第23骨「打開セヨ!今湊姉妹!」
「は? 莉愛本気で言ってるの?」
リスクが高すぎるんじゃない? と姉の咲愛に言われた莉愛だったが、この閉鎖的状況を打開するにはこれくらいしないといけないと言うのが、莉愛の意見だった。
「液体の水+高温の物質、それで蒸気爆発が起きる。これを利用してこの体内から無理矢理出るんだよ!」
莉愛の提案は筋は通っていたが、大きな危険が伴う作戦であることは言うまでもなかった。実際に爆発が起こった場合、自分たちが無事でいられる保障はどこにもない。跡形もなく爆発四散してしまった場合、蘇生してもらうことだってできないかもしれない。
「覚悟を決めるんだよ! 咲愛!」
こう言う差し迫った状況では咲愛よりも莉愛の方が、決断力があった。

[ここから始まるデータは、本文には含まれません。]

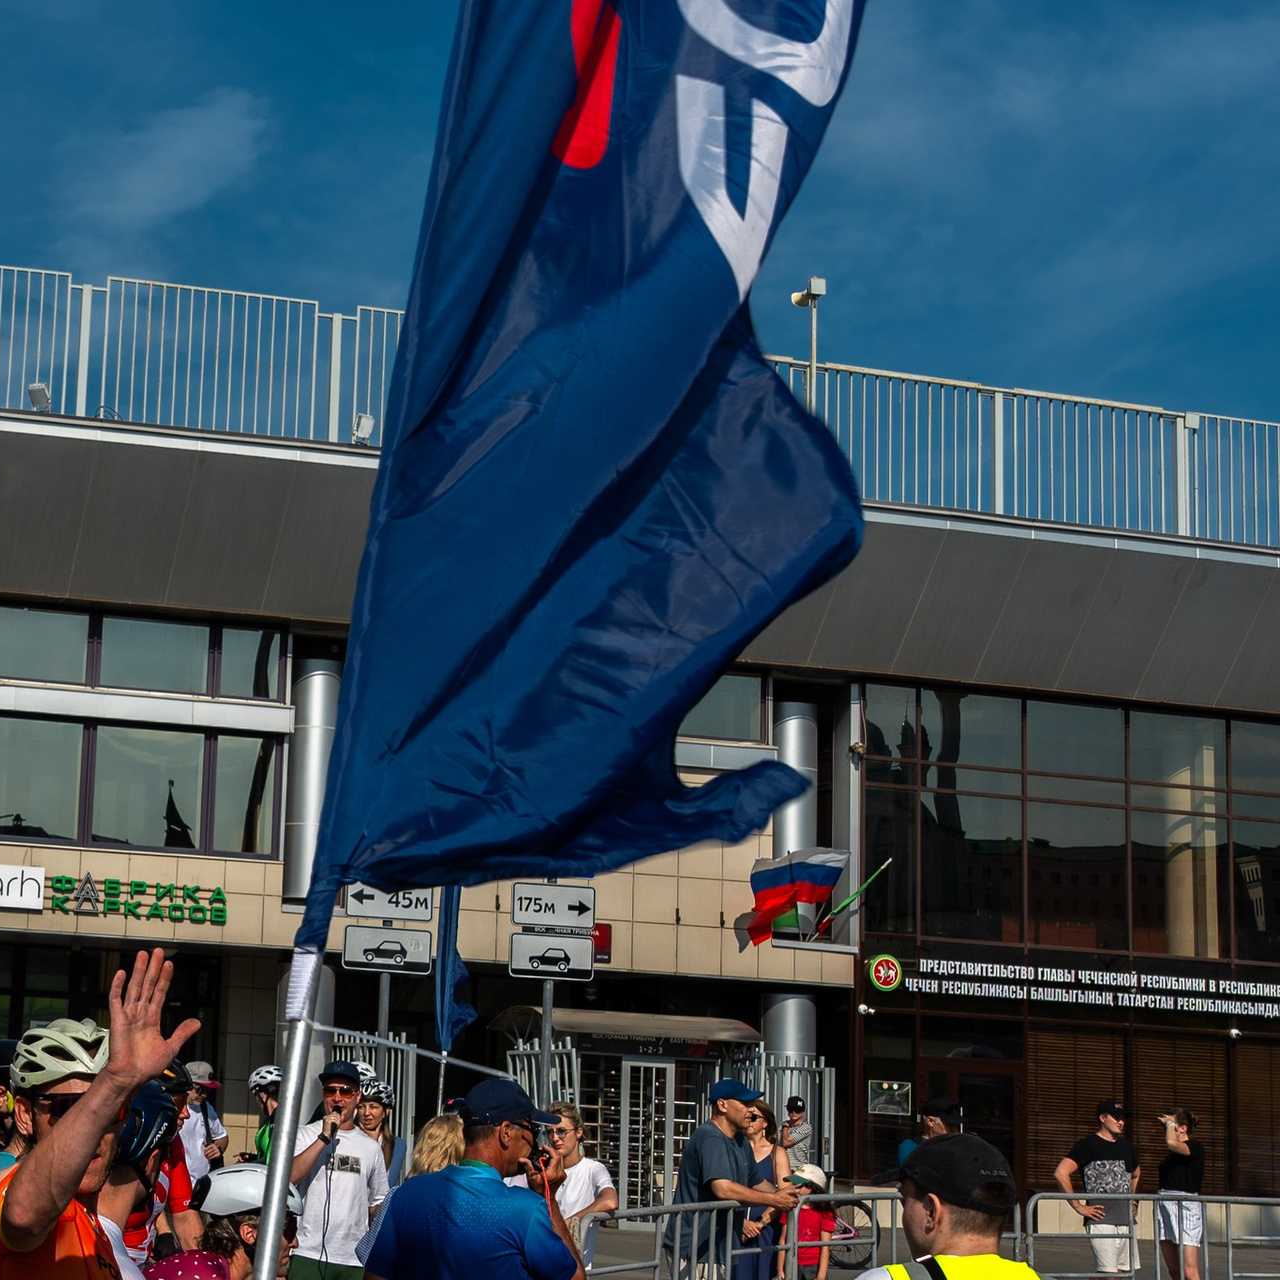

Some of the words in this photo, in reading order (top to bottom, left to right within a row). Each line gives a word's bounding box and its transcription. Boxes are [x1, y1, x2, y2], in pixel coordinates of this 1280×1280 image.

どんな物事もサクサク決めて、早々に腹を括って作業を行う。その姿勢はある意味正しいが、その選択をしたせいで一度キマイラ(仮)に殺される結果を残している。無謀な策、蛮勇と言える行為は慎重さや正確性に欠ける。
「覚悟って、一度莉愛の策であたし死んでるんだけど!」
その点、咲愛はしっかりと考えてから決断を下すタイプだ。今回も前回の教訓を生かし、莉愛の言うことを鵜呑みにしまいと意識している。命大事に、普段の言動とは正反対の丁寧な性格をしている。
「じゃあ、咲愛はこのままこの暗い体内で一生過ごすと良いわ。私がここから出ても知らないからね!」
と言いつつ、一人ではこの作戦が成り立たないため、チラチラと咲愛の様子を窺っている莉愛。
いや、莉愛あたしの方見てるのバレバレだってーの……
今回の作戦について整理して考えよう。この作戦が成功した場合、この生き物の外に出られるかもしれない。出られないにしても、何かしらの進展は見込める。
しかし失敗した場合は、何も残らずに自分たちの意識がなくなるだけの可能性がある。しかも、外でマスターが助け出そうと画策している時の邪魔になる恐れがある。
何も行動せずにこの場に留まっていると言うのは、あまり良い方法だとは言えない。莉愛の作戦に乗る乗らないにかかわらず、何かアクションを起こして試してみた方が良いのはたしかだ。
今回、莉愛の提案に素直に乗り切れないのはやっぱりそれで大切な一度命を失っているからだ。
あの時は私たちならやれる! と言うどこから湧いてきたのか分からない姉の謎の自信によって一瞬にして八つ裂きにされてしまった。
だからこそ、今回は同じ轍は踏むまいと言う意識が強かった。今度こそは、莉愛の甘い誘いに乗って死ぬなんて御免だと言う気持ちが強かった。
幸いにも今回は黒瀬に蘇らせてもらえると言う後ろ盾があるが、それでも不安な気持ちを完全に拭い去ることはできなかった。
咲愛の心の中に自然と浮かんできたのは双子と言う文字だった。運命共同体、生きる時も死ぬときも一緒、そんな関わり。
ここで自分だけ生き残ったら、どうなるんだろう。
――そんなことを考えた。
自分の一部がなくなる感じ、もちろん莉愛は自分の一部だなんてことは一切ないが、きっと心のどこかに穴をあけたまま生きることになるのだろう。そんな寂しい人生が待っているのだろう。
莉愛は双子を不便だと言っていた。しかし、咲愛はそう思ったことは一度たりともない。困ったときは助けてくれる、自分が迷ったら導いてくれる、寂しい時はそばにいてくれる。そんな存在が常に隣にいてくれた。
――だから、双子は、不便なんかじゃない。
このまま、莉愛を死なせるわけにはいかない。
なんてったって、今、あたしは姉なんだから!
それを考えると、答えは一つに決まっていた。
「よーし! あたしも気が変わったから莉愛の作戦、手伝っちゃおうかなー!」
莉愛の表情が一瞬にして明るくなったのが分かった。言葉にしなくたって思っていることなんて分かる。だって双子だから。
「咲愛、いくわよ……」
「莉愛、いくよ……」
二人の準備は整った、後は二人の息を合わせるだけだ。だけど、そんなの最初から合わさっている。だって二人は双子だから。
――
――
莉愛が生み出した水を、咲愛の炎の拳で一気に蒸発させる。言葉にすれば簡単だが、実際目の前で起こったことを上手く言葉にすることは難しい。
まさに、束の間の出来事、瞬く間に私たちの思惑通りに、爆発が起こった。
ただそう言うと、まるで私たちが成功者のように思われるかもしれない。
だが、予想以上、想定外に、範疇を超えて、破裂した。
――ドォオオーン
低く鈍い音が砂鯨の体内で残響する。二人の少女の声は聞こえない。